I thought about this conversation recently after watching the movie, ‘About Time’. The movie revolves around a family in which the men can go back in time and relive parts of their lives. At one point, the main character travels back a few years to try to change the outcome of an event and returns to his present life to find that his young daughter Posy has not been born, and he has a son instead. He realizes that his time travel somehow changed the dynamics of his child’s conception resulting in a different child. Fortunately, he is able to undo is time travel mistake and regain Posy.
The movie reminded me that every conception results in a unique child. If conception takes place in a different month, a different child is created–at least in terms of the physical DNA. If the miscarried child had been born, it certainly had the potential to impact the timing of the conception of the next child, namely me, and the 7 children who were born after me.
I am neither a theologian nor a geneticist, so I cannot say with any certainty how I would have been conceived and born if my parents’ second-conceived child have lived. I do, however, have complete confidence that my birth was part of God’s plan. The psalmist David wrote, “Your eyes saw my substance, being yet unformed. And in Your book they all were written, The days fashioned for me, When as yet there were none of them.” (Psalm 139:16)
The rest of the Psalm reminds us that God know us intimately. He knows our thoughts and He knows where we are. There is no where that we can go to hide from God. He is always with us, walking with us and guiding us no matter where the path takes us. And He has known us since before we were formed. I have absolute assurance that my birth, and your birth, were part of God’s perfect plan.

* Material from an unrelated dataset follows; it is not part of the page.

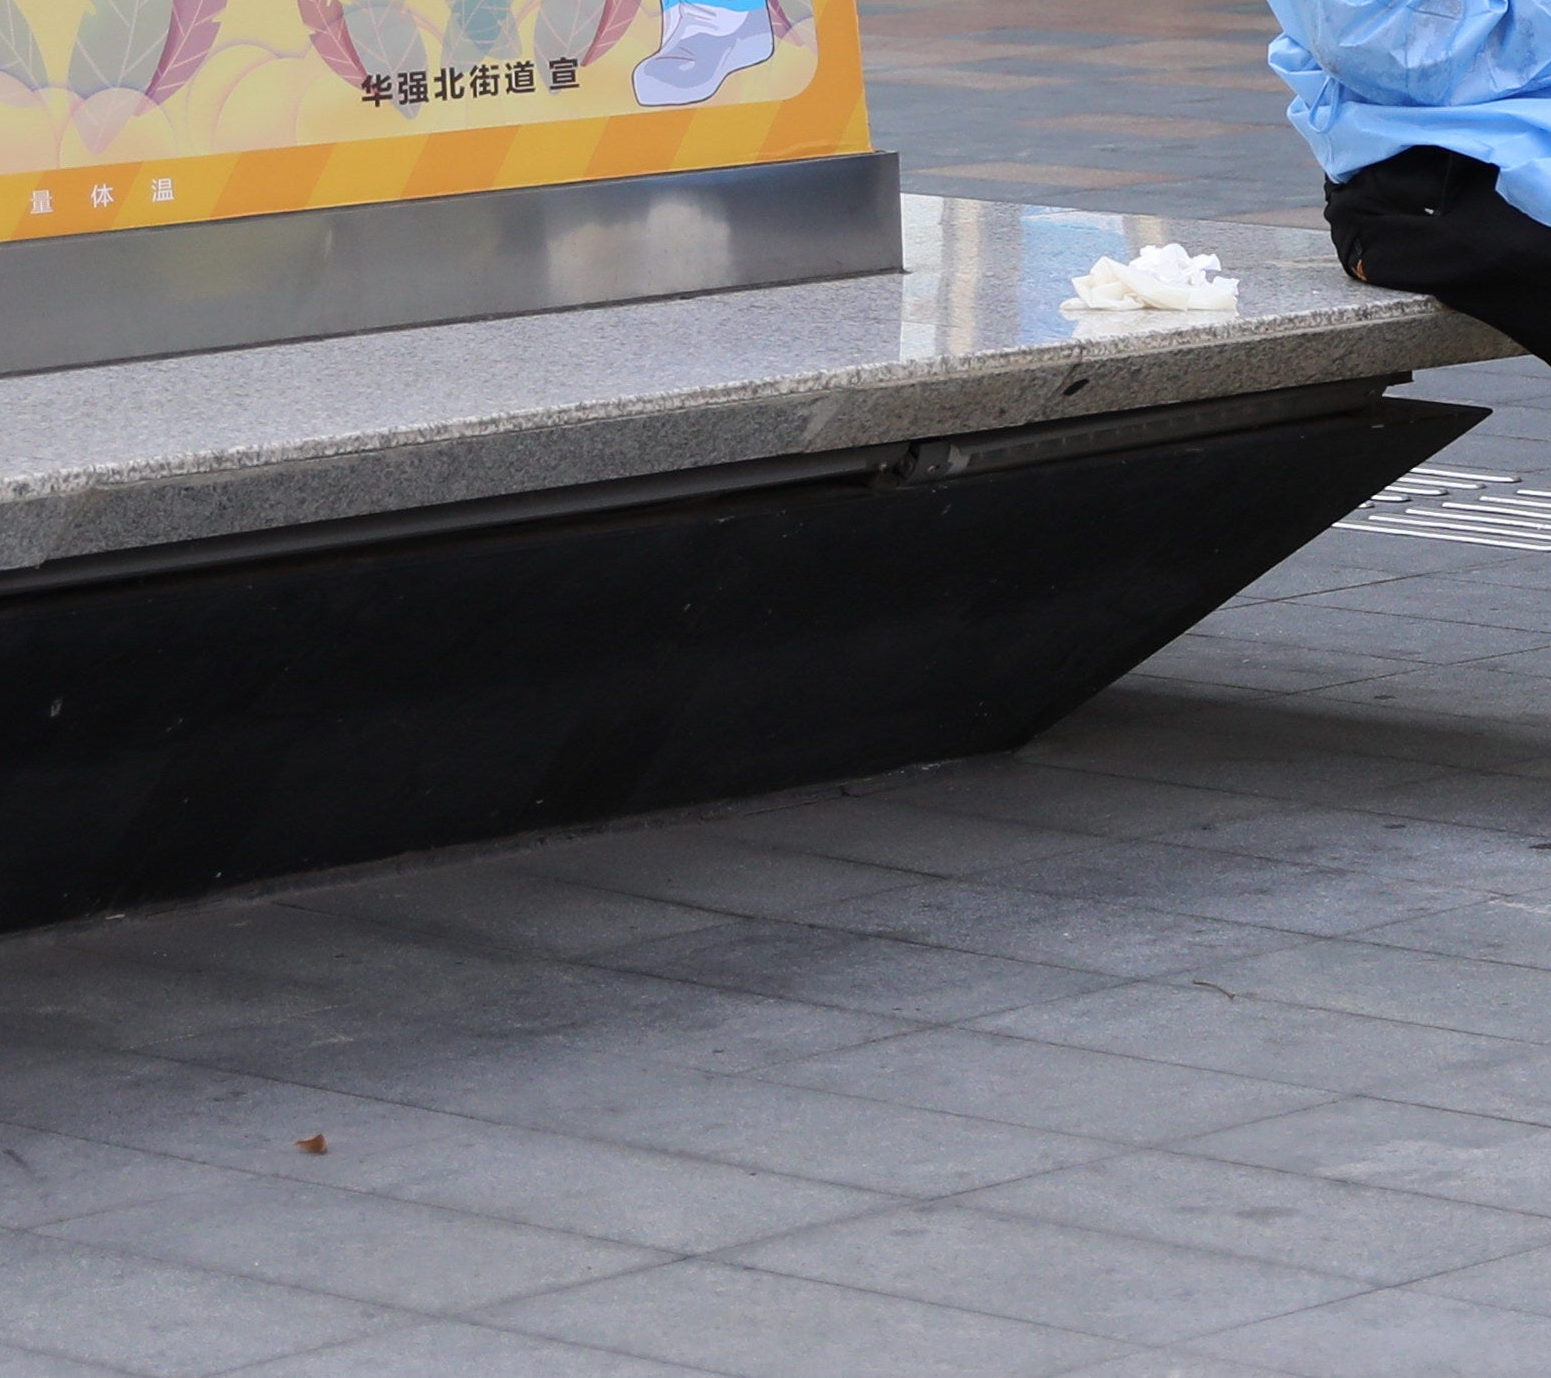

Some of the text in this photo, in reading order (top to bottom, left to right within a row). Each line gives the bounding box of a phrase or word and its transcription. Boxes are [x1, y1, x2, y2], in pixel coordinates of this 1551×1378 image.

[360, 56, 581, 108] 华强北街道 宣

My mother miscarried another baby 25 years or so after her first miscarriage. She was just as bereaved to have lost her 11th child, as she was to lose her 2nd child. She always carried those children in her heart, despite never getting the opportunity to meet them. She realized that all life is precious and that children are gifts from God. Psalm 127:3 tells us, “Behold, children are a heritage from the Lord, The fruit of the womb is a reward.”